Dewi mengangguk-angguk.
"Aku percaya keteranganmu, Adipati. Akan tetapi hati-hatilah. Kalau kelak aku mendapat kenyataan bahwa andika telah membohongiku, aku akan kembali dan tidak akan memberi ampun!"
Wajah Adipati Surodiro berubah agak pucat mendengar ancaman ini dan dia cepat berkata,
"Ada suatu rahasia yang perlu andika ketahui, Dewi. Keris pusaka Tilam Upih yang kuserahkan kepada Budhidarma itu bukanlah keris yang asli!"
Dewi terbelalak.
"Ehh? Apa maksudmu? Engkau menipunya?"
"Tidak, dia juga sudah mengetahuinya! Persolannya begini. Sekira duabulan yang lalu aku kedatangan seorang yang berkedok. Dialah yang mengambil Tilam Upih dan menukarnya dengan yang palsu. Aku berusaha menghalanginya dan aku dipukulnya sampai pingsan. Orang itu tangguh bukan main. Hal itu terjadi dalam kamarku dan tidak diketahui orang lain. Aku malu untuk bercerita kepada orang lain. Maka aku mengadakan sayembara agar orang yang dapat mengalahkan diriku kelak dapat mencari si pencuri dan merampas Tilam Upih yang asli. Nah, begitulah persoalannya dan aku berani bersumpah bahwa memang demikian keadaannya."

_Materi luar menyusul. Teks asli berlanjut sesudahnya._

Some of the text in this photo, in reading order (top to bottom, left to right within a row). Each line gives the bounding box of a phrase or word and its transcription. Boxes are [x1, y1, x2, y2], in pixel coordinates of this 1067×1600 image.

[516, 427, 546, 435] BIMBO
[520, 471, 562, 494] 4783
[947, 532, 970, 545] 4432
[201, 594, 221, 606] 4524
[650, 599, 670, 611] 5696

"Andika tidak menyembunyikan yang asli dan berpura-pura saja?"
"Mana aku berani? Kalau aku berpura-pura tentu Budhidarma tentu tidak akan melepaskan aku."
"Hemm, kita lihat saja nanti perkembangannya. Engkau tahu sendiri bahwa aku tidak akan tinggal diam seandainya engkau membohongiku!"

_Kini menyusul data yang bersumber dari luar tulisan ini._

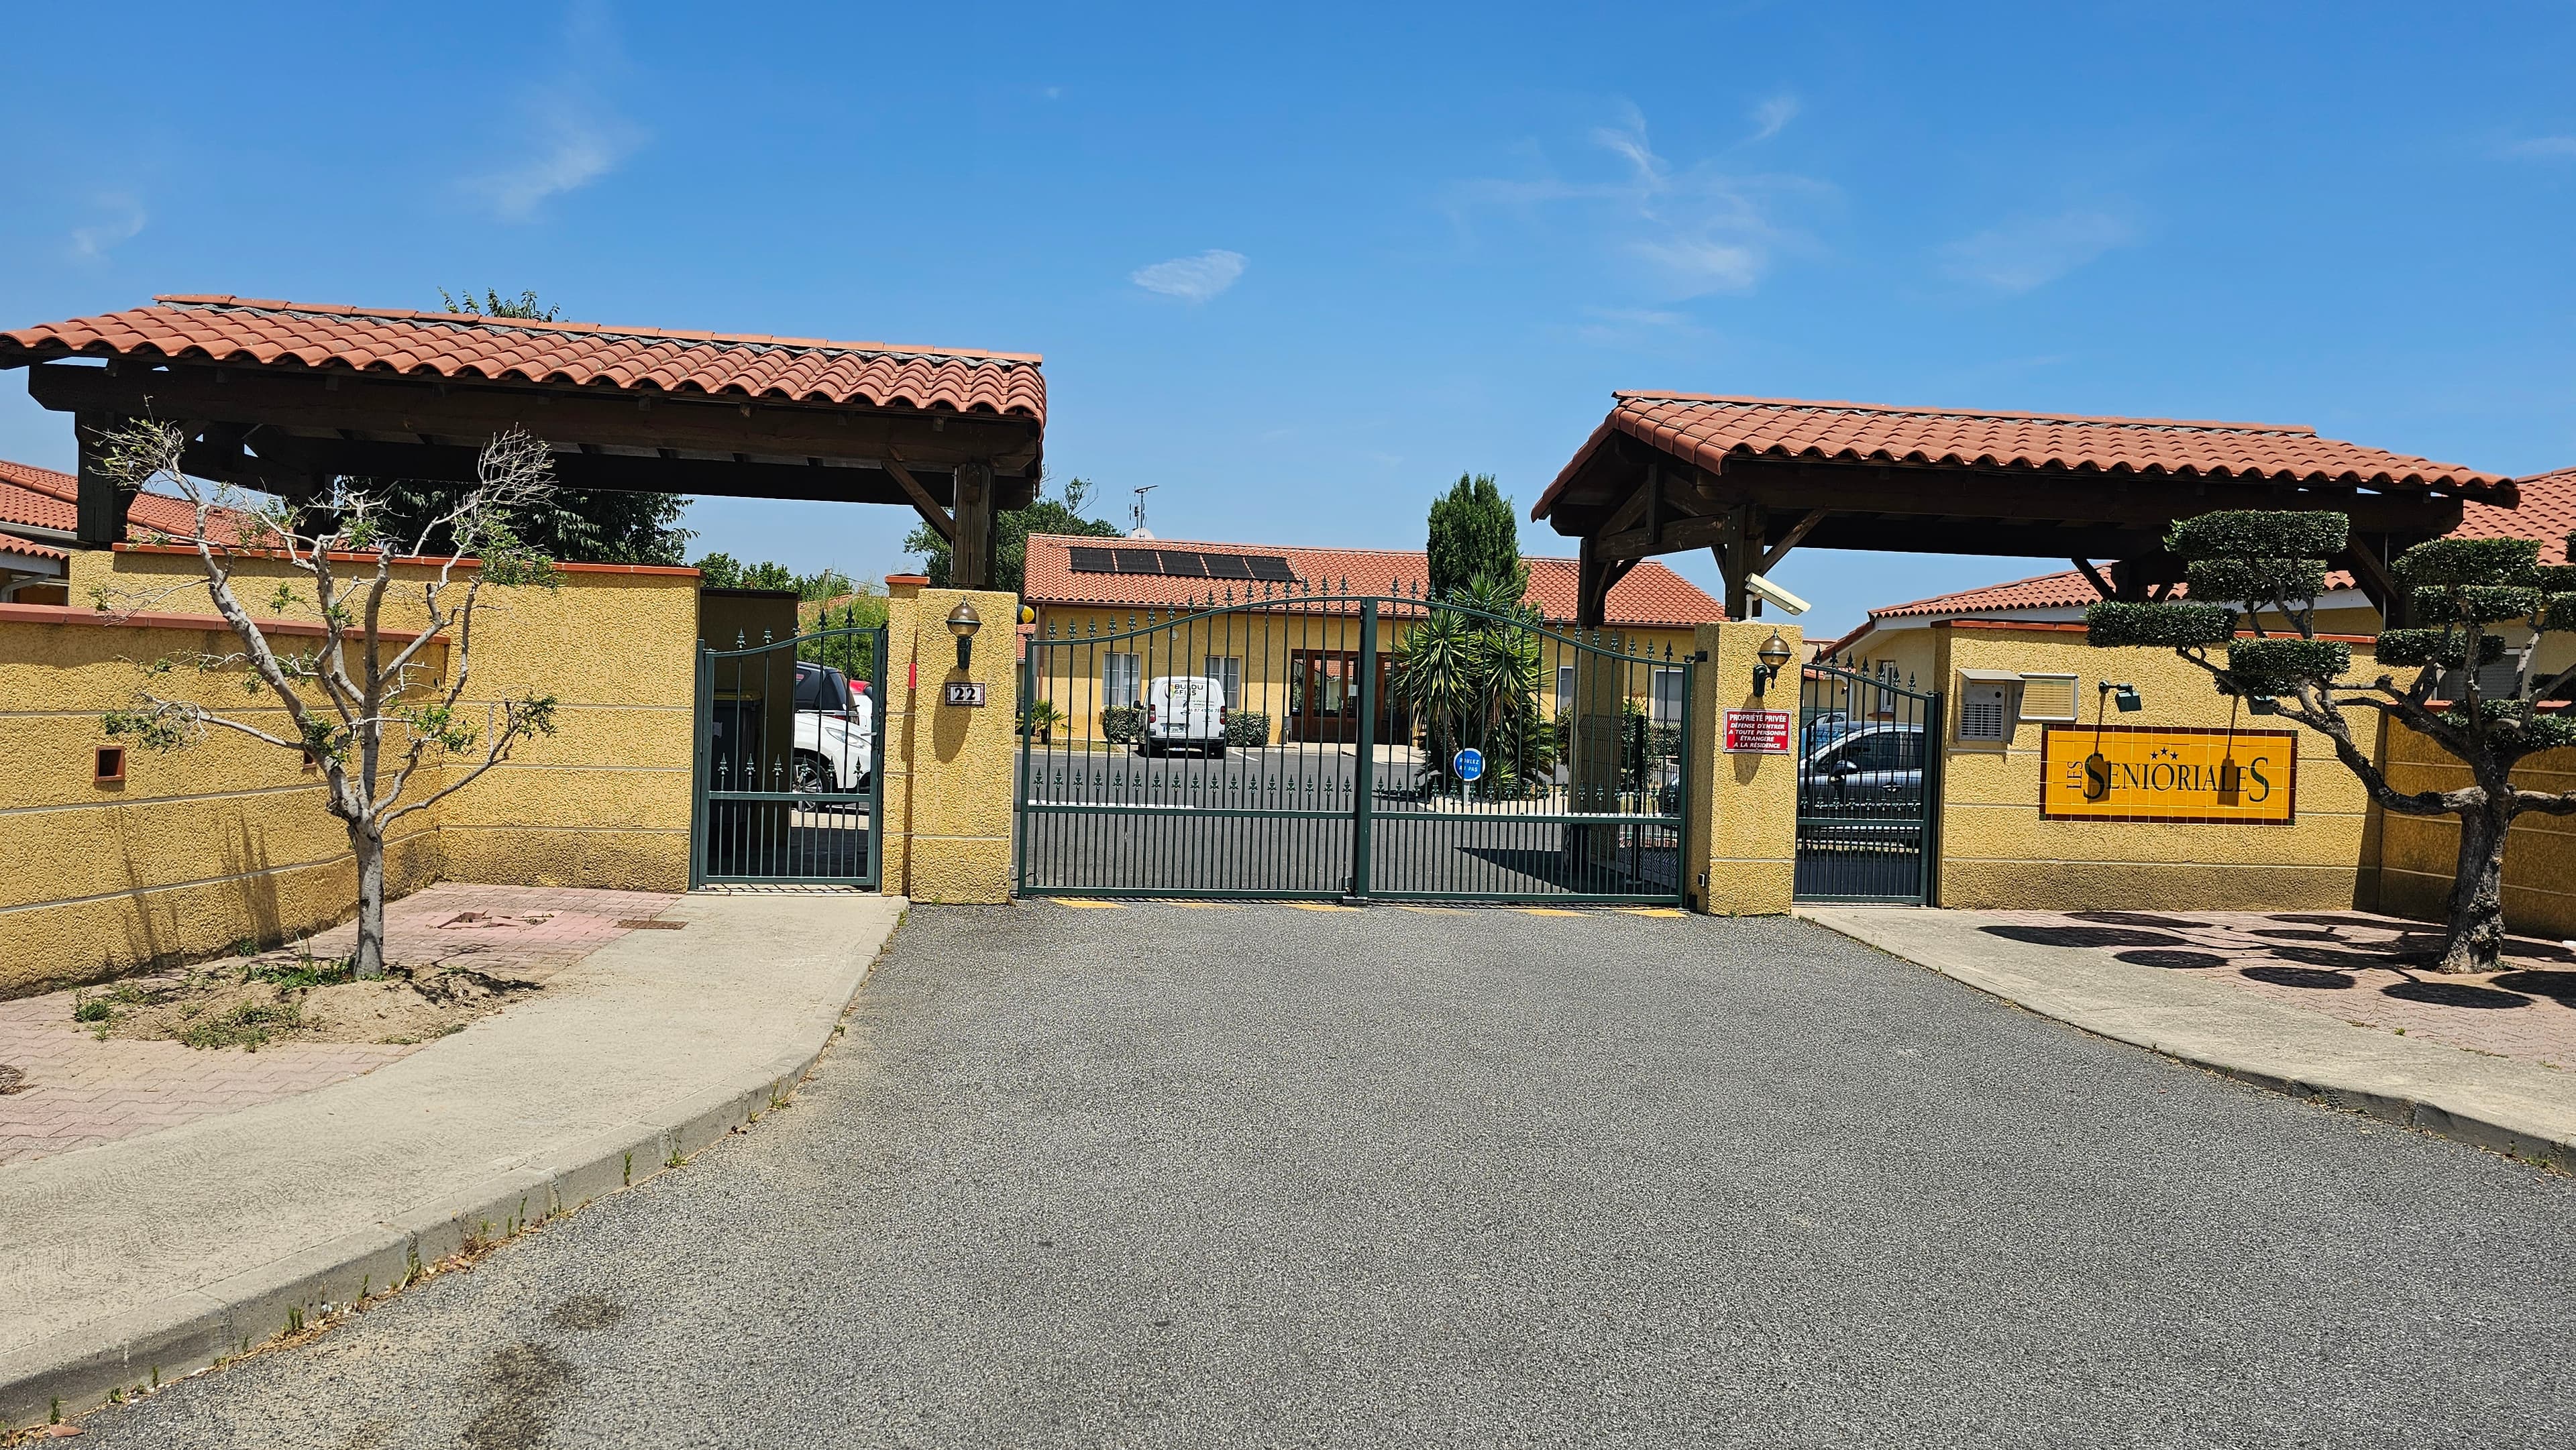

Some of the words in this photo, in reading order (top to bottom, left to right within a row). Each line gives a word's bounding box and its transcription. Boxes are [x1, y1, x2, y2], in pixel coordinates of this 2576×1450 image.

[954, 687, 976, 700] 22
[1729, 713, 1764, 722] PROPRIÉTÉ
[1765, 714, 1787, 722] PRIVÉE
[2066, 761, 2083, 789] LES
[2083, 752, 2269, 802] SENIORIALES

Setelah meninggalkan ancaman itu, Dewi lalu pergi dari pulau Nusa Kambangan, diantar oleh Adipati Surodiro sampai ke pantai. Dewi lalu mendayung perahunya dengan cepat dan mendarat di pantai Selatan. Kalau keris pusaka itu dicuri orang, kelak ia harus mencoba untuk mencari pencuri itu. Akan tetapi di mana jejaknya? Bahkan Ki Surodiro sendiri yang menghadapi pencuri itu hanya tahu bahwa dia seorang yang berkedok, yang memiliki ilmu kepandaian tinggi. Ia mengesampingkan urusan Tilam Upih dan kini ia kembali ke Kota Raja! Masih ada dua hal penting yang harus ia kerjakan. Pertama, menyelidiki Pangeran Panjiluwih yang menurut Ki Blendu mengutus Ki Blendu untuk mebunuh ia dan suaminya.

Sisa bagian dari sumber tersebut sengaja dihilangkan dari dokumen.